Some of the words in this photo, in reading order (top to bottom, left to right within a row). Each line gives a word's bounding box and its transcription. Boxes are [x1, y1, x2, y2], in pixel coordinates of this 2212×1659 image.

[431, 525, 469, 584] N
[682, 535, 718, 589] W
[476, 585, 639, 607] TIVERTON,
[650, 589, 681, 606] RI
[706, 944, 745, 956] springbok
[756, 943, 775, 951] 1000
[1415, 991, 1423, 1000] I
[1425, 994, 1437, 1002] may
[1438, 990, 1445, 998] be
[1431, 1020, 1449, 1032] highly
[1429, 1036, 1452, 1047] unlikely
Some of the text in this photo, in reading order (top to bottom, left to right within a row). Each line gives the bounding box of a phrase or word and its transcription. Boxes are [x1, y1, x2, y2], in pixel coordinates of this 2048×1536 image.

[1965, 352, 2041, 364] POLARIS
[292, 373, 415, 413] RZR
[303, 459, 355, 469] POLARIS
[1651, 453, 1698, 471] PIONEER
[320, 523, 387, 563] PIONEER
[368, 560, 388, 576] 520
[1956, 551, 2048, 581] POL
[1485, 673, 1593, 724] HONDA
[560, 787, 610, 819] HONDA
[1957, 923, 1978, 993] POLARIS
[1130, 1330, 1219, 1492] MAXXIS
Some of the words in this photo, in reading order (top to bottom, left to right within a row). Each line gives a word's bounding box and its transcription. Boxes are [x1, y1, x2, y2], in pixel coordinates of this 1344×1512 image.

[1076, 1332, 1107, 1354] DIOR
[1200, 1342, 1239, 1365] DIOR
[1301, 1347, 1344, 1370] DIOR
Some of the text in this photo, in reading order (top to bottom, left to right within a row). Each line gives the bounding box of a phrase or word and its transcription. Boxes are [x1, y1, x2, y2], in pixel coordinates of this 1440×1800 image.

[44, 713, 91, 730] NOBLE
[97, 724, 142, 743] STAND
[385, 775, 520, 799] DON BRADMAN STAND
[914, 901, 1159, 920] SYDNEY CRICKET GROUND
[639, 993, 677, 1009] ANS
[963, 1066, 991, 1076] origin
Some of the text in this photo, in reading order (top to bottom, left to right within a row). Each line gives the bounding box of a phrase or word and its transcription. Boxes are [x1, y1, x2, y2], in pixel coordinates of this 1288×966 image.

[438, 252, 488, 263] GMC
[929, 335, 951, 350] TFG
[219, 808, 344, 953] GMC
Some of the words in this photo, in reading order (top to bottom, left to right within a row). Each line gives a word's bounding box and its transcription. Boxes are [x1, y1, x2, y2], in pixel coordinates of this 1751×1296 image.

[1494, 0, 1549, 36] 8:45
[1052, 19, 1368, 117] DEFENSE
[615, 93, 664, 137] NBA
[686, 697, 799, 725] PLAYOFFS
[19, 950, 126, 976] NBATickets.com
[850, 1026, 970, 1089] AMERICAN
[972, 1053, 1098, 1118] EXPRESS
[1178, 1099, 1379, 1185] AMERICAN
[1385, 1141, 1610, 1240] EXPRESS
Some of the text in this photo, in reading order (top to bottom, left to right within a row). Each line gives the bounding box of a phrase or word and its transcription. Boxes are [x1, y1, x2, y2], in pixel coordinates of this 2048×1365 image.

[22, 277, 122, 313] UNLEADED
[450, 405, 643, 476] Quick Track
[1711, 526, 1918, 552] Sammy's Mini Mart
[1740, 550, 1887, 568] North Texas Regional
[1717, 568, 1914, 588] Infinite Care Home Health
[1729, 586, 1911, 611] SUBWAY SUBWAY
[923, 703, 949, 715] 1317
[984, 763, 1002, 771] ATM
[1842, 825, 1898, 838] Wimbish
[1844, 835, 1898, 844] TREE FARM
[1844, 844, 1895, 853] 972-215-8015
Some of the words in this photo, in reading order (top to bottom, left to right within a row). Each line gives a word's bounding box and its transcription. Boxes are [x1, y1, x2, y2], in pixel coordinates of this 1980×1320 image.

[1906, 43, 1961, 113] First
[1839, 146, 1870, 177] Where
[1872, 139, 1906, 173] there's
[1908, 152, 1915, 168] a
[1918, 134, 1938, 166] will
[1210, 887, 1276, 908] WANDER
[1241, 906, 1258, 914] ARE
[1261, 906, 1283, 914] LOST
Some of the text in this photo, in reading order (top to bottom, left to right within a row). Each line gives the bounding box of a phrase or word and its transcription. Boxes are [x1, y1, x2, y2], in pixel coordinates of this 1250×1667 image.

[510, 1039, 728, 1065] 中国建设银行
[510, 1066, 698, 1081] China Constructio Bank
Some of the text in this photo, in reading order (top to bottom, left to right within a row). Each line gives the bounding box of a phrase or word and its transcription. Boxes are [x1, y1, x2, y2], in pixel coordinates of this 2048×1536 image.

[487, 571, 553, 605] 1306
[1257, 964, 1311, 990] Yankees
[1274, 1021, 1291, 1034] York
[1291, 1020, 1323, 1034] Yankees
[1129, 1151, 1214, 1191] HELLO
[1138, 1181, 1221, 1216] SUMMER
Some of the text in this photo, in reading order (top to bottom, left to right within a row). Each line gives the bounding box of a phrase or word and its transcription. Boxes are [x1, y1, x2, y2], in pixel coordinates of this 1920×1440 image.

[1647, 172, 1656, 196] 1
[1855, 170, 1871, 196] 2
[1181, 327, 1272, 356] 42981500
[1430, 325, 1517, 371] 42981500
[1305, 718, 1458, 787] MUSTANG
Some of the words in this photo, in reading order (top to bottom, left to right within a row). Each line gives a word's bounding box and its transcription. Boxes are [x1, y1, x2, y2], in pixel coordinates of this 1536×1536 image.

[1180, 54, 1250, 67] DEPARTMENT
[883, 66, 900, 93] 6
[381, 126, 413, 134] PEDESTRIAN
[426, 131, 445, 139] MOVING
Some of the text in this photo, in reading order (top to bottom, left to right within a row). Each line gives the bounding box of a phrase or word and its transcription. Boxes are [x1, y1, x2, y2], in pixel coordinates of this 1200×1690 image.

● **EXERCISE**:
Write the data out once more. Keep every word the same.

● **RESPONSE FOR THIS EXERCISE**:
Some of the words in this photo, in reading order (top to bottom, left to right within a row). Each line gives a word's bounding box and its transcription. Boxes are [x1, y1, x2, y2], in pixel coordinates of this 2212×1659 image.

[431, 525, 469, 584] N
[682, 535, 718, 589] W
[476, 585, 639, 607] TIVERTON,
[650, 589, 681, 606] RI
[706, 944, 745, 956] springbok
[756, 943, 775, 951] 1000
[1415, 991, 1423, 1000] I
[1425, 994, 1437, 1002] may
[1438, 990, 1445, 998] be
[1431, 1020, 1449, 1032] highly
[1429, 1036, 1452, 1047] unlikely
Some of the text in this photo, in reading order (top to bottom, left to right within a row). Each line gives the bounding box of a phrase or word and its transcription. Boxes are [x1, y1, x2, y2], in pixel coordinates of this 2048×1536 image.

[1965, 352, 2041, 364] POLARIS
[292, 373, 415, 413] RZR
[303, 459, 355, 469] POLARIS
[1651, 453, 1698, 471] PIONEER
[320, 523, 387, 563] PIONEER
[368, 560, 388, 576] 520
[1956, 551, 2048, 581] POL
[1485, 673, 1593, 724] HONDA
[560, 787, 610, 819] HONDA
[1957, 923, 1978, 993] POLARIS
[1130, 1330, 1219, 1492] MAXXIS
Some of the words in this photo, in reading order (top to bottom, left to right within a row). Each line gives a word's bounding box and its transcription. Boxes are [x1, y1, x2, y2], in pixel coordinates of this 1344×1512 image.

[1076, 1332, 1107, 1354] DIOR
[1200, 1342, 1239, 1365] DIOR
[1301, 1347, 1344, 1370] DIOR
Some of the text in this photo, in reading order (top to bottom, left to right within a row). Each line gives the bounding box of a phrase or word and its transcription. Boxes are [x1, y1, x2, y2], in pixel coordinates of this 1440×1800 image.

[44, 713, 91, 730] NOBLE
[97, 724, 142, 743] STAND
[385, 775, 520, 799] DON BRADMAN STAND
[914, 901, 1159, 920] SYDNEY CRICKET GROUND
[639, 993, 677, 1009] ANS
[963, 1066, 991, 1076] origin
Some of the text in this photo, in reading order (top to bottom, left to right within a row). Each line gives the bounding box of a phrase or word and its transcription. Boxes are [x1, y1, x2, y2], in pixel coordinates of this 1288×966 image.

[438, 252, 488, 263] GMC
[929, 335, 951, 350] TFG
[219, 808, 344, 953] GMC
Some of the words in this photo, in reading order (top to bottom, left to right within a row). Each line gives a word's bounding box and its transcription. Boxes are [x1, y1, x2, y2], in pixel coordinates of this 1751×1296 image.

[1494, 0, 1549, 36] 8:45
[1052, 19, 1368, 117] DEFENSE
[615, 93, 664, 137] NBA
[686, 697, 799, 725] PLAYOFFS
[19, 950, 126, 976] NBATickets.com
[850, 1026, 970, 1089] AMERICAN
[972, 1053, 1098, 1118] EXPRESS
[1178, 1099, 1379, 1185] AMERICAN
[1385, 1141, 1610, 1240] EXPRESS
Some of the text in this photo, in reading order (top to bottom, left to right within a row). Each line gives the bounding box of a phrase or word and its transcription. Boxes are [x1, y1, x2, y2], in pixel coordinates of this 2048×1365 image.

[22, 277, 122, 313] UNLEADED
[450, 405, 643, 476] Quick Track
[1711, 526, 1918, 552] Sammy's Mini Mart
[1740, 550, 1887, 568] North Texas Regional
[1717, 568, 1914, 588] Infinite Care Home Health
[1729, 586, 1911, 611] SUBWAY SUBWAY
[923, 703, 949, 715] 1317
[984, 763, 1002, 771] ATM
[1842, 825, 1898, 838] Wimbish
[1844, 835, 1898, 844] TREE FARM
[1844, 844, 1895, 853] 972-215-8015
Some of the words in this photo, in reading order (top to bottom, left to right within a row). Each line gives a word's bounding box and its transcription. Boxes are [x1, y1, x2, y2], in pixel coordinates of this 1980×1320 image.

[1906, 43, 1961, 113] First
[1839, 146, 1870, 177] Where
[1872, 139, 1906, 173] there's
[1908, 152, 1915, 168] a
[1918, 134, 1938, 166] will
[1210, 887, 1276, 908] WANDER
[1241, 906, 1258, 914] ARE
[1261, 906, 1283, 914] LOST
Some of the text in this photo, in reading order (top to bottom, left to right within a row). Each line gives the bounding box of a phrase or word and its transcription. Boxes are [x1, y1, x2, y2], in pixel coordinates of this 1250×1667 image.

[510, 1039, 728, 1065] 中国建设银行
[510, 1066, 698, 1081] China Constructio Bank
Some of the text in this photo, in reading order (top to bottom, left to right within a row). Each line gives the bounding box of a phrase or word and its transcription. Boxes are [x1, y1, x2, y2], in pixel coordinates of this 2048×1536 image.

[487, 571, 553, 605] 1306
[1257, 964, 1311, 990] Yankees
[1274, 1021, 1291, 1034] York
[1291, 1020, 1323, 1034] Yankees
[1129, 1151, 1214, 1191] HELLO
[1138, 1181, 1221, 1216] SUMMER
Some of the text in this photo, in reading order (top to bottom, left to right within a row). Each line gives the bounding box of a phrase or word and its transcription. Boxes are [x1, y1, x2, y2], in pixel coordinates of this 1920×1440 image.

[1647, 172, 1656, 196] 1
[1855, 170, 1871, 196] 2
[1181, 327, 1272, 356] 42981500
[1430, 325, 1517, 371] 42981500
[1305, 718, 1458, 787] MUSTANG
Some of the words in this photo, in reading order (top to bottom, left to right within a row). Each line gives a word's bounding box and its transcription. Boxes are [x1, y1, x2, y2], in pixel coordinates of this 1536×1536 image.

[1180, 54, 1250, 67] DEPARTMENT
[883, 66, 900, 93] 6
[381, 126, 413, 134] PEDESTRIAN
[426, 131, 445, 139] MOVING
Some of the text in this photo, in reading order (top to bottom, left to right within a row). Each line gives the bounding box of a phrase or word and its transcription. Boxes are [x1, y1, x2, y2], in pixel coordinates of this 1200×1690 image.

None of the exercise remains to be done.